Веками слышали люди: «Слово стало плотью…» или: «Так возлюбил Бог мир, что Сына своего отдал…» Чайковский не только слышал, но и услышал, и взял это в себя, поняв как-то непостижимо-реально. Отсюда, из реальности понимания, и вся его любовь к человеку и миру, весь путь, вся материя его жизни и деятельности. Высокую ценность ее признают, но называют, как придется: моральной, прекрасной, гуманной, идеалистичной… Говорят о лучах, но не видят, откуда лучи. Не знают, что без источника света не было бы и лучей.
К незнающие, только их тепло чувствующим, Чайковский был беспредельно терпим и милосерден. Он ведь и сам не сразу пришел к полному, определенному осознанию своей веры и к ее исповеданию. Неправильно, однако, называть его путь исканием истины. Истина была с ним всегда, верно ведущая, а искал он лишь того, чтобы ее, осязаемую, ощутимую, — увидеть глазами, назвать земным словом. И нашел, и твердо верил, что если он нашел — значит, найдут и другие. От «других» он не отделял себя: все — как он, все — «ближние». Он, естественно, не думая об этом, любил ближнего, как самого себя.

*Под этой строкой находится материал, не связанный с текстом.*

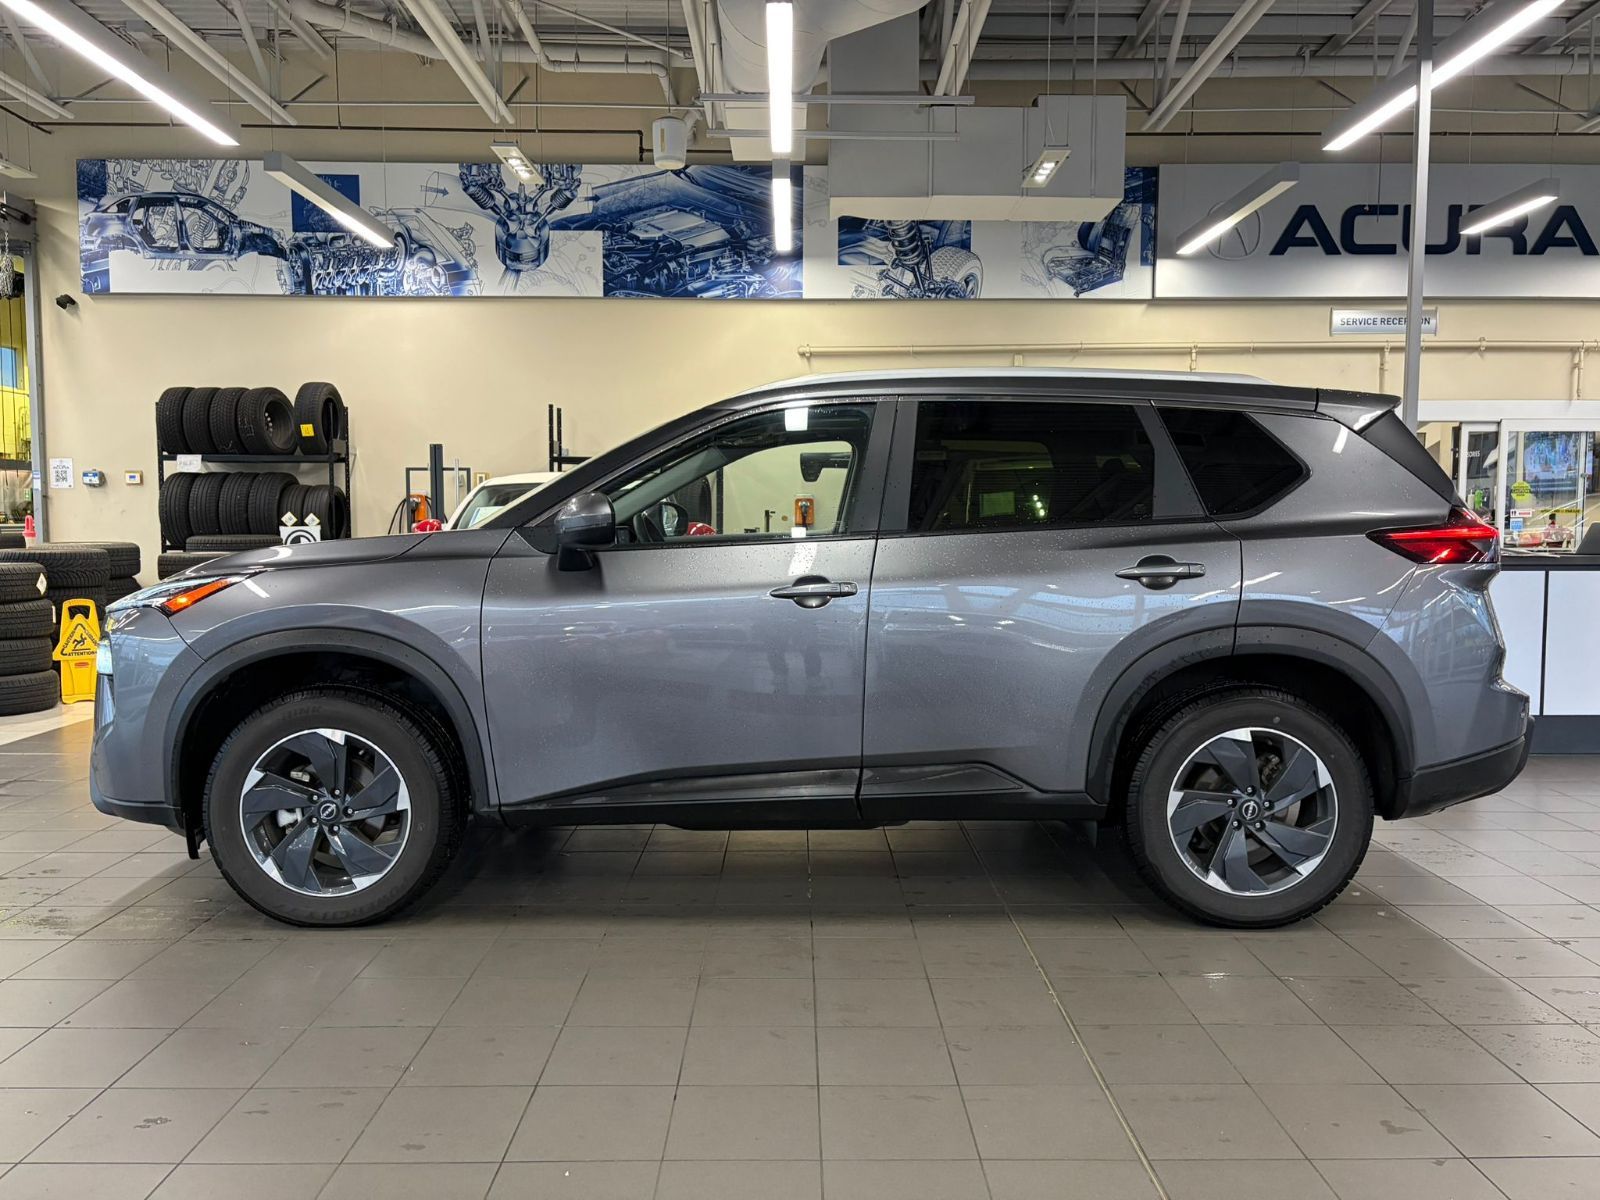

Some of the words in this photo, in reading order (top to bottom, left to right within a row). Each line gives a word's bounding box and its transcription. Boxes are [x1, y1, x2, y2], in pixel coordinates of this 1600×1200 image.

[1269, 204, 1600, 255] ACURA
[1340, 317, 1378, 326] SERVICE
[63, 630, 76, 648] CAUTION

Оттого и был терпим к непонимающим, без «проповедничества». Проповедник всегда немножко насильник: слушайте меня! Вы не знаете — я знаю! Чайковский знал; но, веря, что в свое время другие тоже узнают, — лишь помогал им, утверждал в них то, что они, уже понимали, в чем, по его мнению, были уже на верном пути. Не навязывал человеку Бога. С каждым говорил его языком. Брал в меру его «возраста». Не высшее ли это милосердие?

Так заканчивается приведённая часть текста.